The system further includes a user interface adapter that connects a keyboard, mouse, speaker, microphone, and/or other user interface devices such as a touch screen device (not shown) to the bus to gather user input. Additionally, a communication adapter connects the bus to a data processing network, and a display adapter connects the bus to a display device which may be embodied as an output device such as a monitor, printer, or transmitter, for example.

A description of an embodiment with several components in communication with each other does not imply that all such components are required. On the contrary, a variety of optional components are described to illustrate the wide variety of possible embodiments of the invention. When a single device or article is described herein, it will be apparent that more than one device/article (whether or not they cooperate) may be used in place of a single device/article.

Similarly, where more than one device or article is described herein (whether or not they cooperate), it will be apparent that a single device/article may be used in place of the more than one device or article, or a different number of devices/articles may be used instead of the shown number of devices or programs. The functionality and/or the features of a device may be alternatively embodied by one or more other devices which are not explicitly described as having such functionality/features. Thus, other embodiments of the invention need not include the device itself.

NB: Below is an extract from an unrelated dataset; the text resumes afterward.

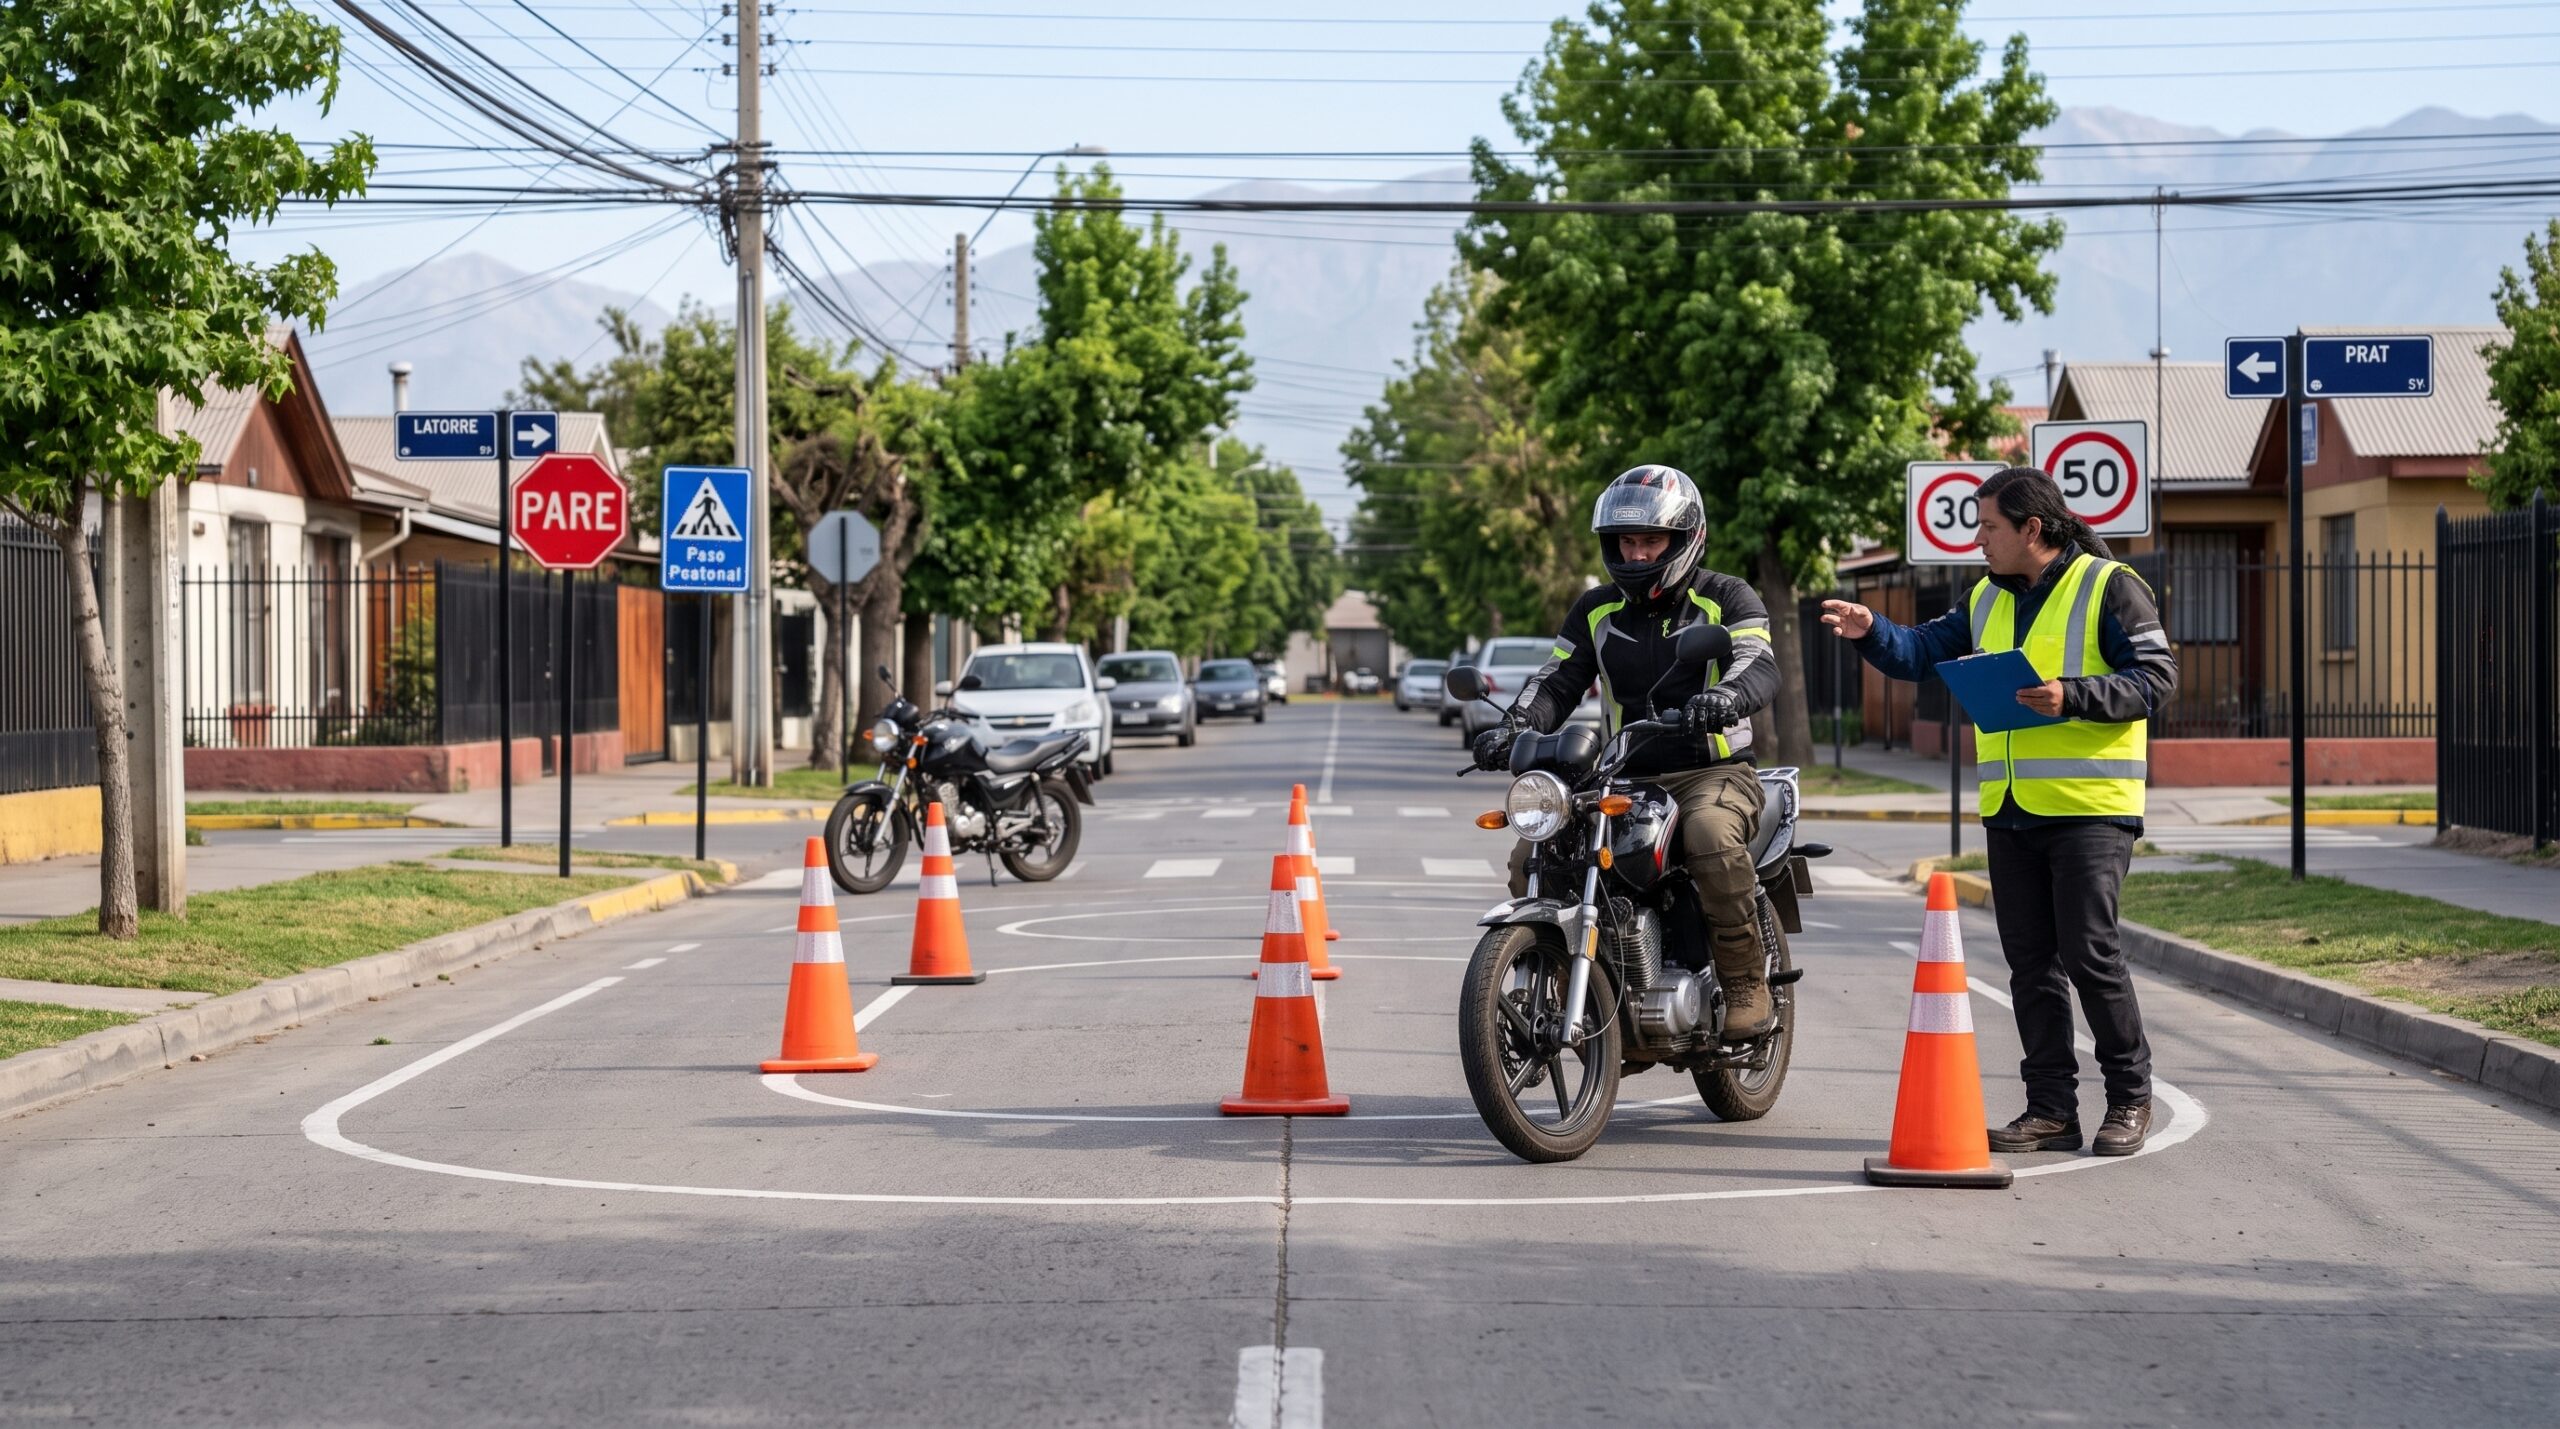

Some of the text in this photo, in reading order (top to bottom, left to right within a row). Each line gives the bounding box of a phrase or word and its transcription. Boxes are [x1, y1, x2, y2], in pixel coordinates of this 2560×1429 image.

The illustrated steps are set out to explain the exemplary embodiments shown, and it should be anticipated that ongoing technological development will change the manner in which particular functions are performed. These examples are presented herein for purposes of illustration, and not limitation. Further, the boundaries of the functional building blocks have been arbitrarily defined herein for the convenience of the description. Alternative boundaries can be defined so long as the specified functions and relationships thereof are appropriately performed.

Alternatives (including equivalents, extensions, variations, deviations, etc., of those described herein) will be apparent to persons skilled in the relevant art(s) based on the teachings contained herein. Such alternatives fall within the scope and spirit of the disclosed embodiments. Also, the words “comprising,” “having,” “containing,” and “including,” and other similar forms are intended to be equivalent in meaning and be open-ended in that an item or items following any one of these words is not meant to be an exhaustive listing of such item or items or meant to be limited to only the listed item or items. It must also be noted that as used herein and in the appended claims, the singular forms “a,” “an,” and “the” include plural references unless the context clearly dictates otherwise.

Finally, the language used in the specification has been principally selected for readability and instructional purposes, and it may not have been selected to delineate or circumscribe the inventive subject matter. It is therefore intended that the scope of the invention be limited not by this detailed description, but rather by any claims that issue on an application based here on. Accordingly, the embodiments of the present invention are intended to be illustrative, but not limiting, of the scope of the invention, which is set forth in the following claims.